The Astrorad radiation protection vest was tested by astronauts aboard the station so they could provide feedback on how well it fits and how practical it is to use. NASA hopes the tests will help them create radiation-protection garments for the Artemis program, which seeks to return humans to the moon for the first time in more than five decades.

The EVOO in Space experiment is a joint project of the Italian Space Agency and European Space Agency that studied the effects of microgravity on olive oil samples. Researchers collected data on the oil before the mission and will examine the effects of prolonged weightlessness on the samples. Olive oil has the potential to offer health benefits for astronauts on long space voyages.

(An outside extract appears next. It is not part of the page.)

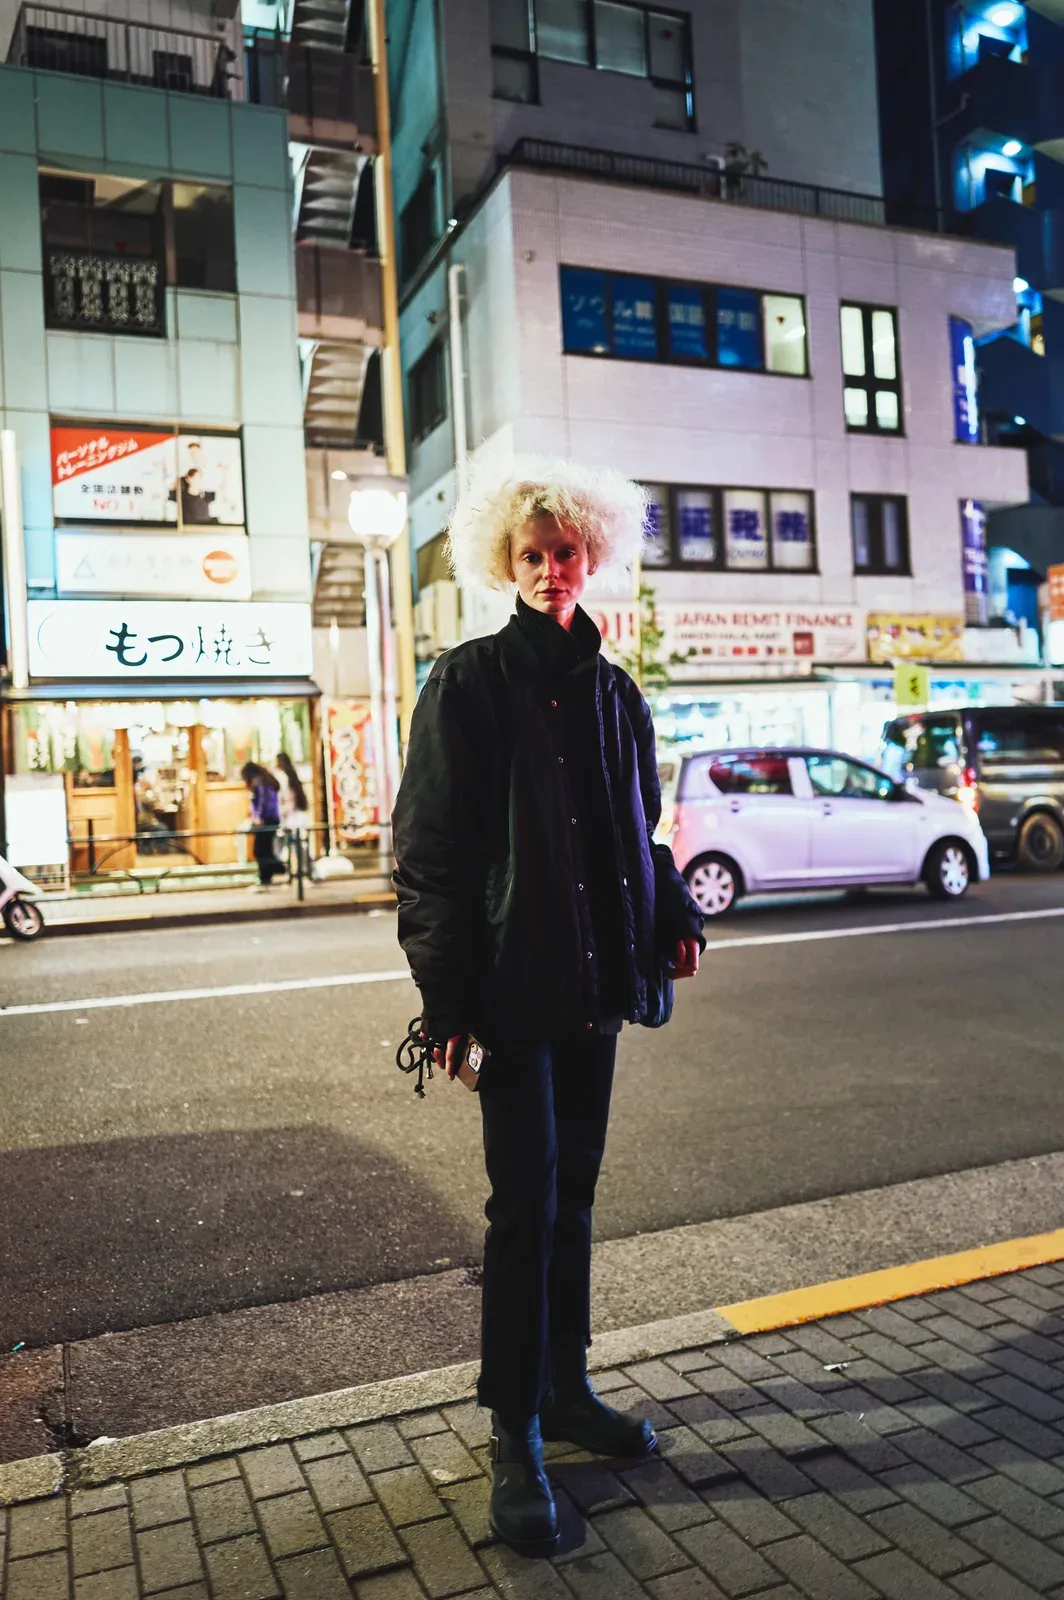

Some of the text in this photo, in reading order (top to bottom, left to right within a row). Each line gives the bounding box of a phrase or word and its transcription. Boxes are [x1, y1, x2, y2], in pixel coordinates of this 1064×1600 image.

[675, 612, 853, 628] JAPAN REMIT FINANCE
[105, 622, 276, 667] もつ焼き

The XROOTS experiment uses water and air-based techniques to grow plants without soil. Researchers observed the growth cycles of plants in the experiment’s plant chambers. The experiment hopes to solve some of the persistent issues that have made the production of food in space cumbersome and ineffective.

The Suture in Space experiment is a European Space Agency project that examines wound healing in space. The experiment could advance medical science on Earth and provide insight into how future astronauts could heal injuries during long space voyages.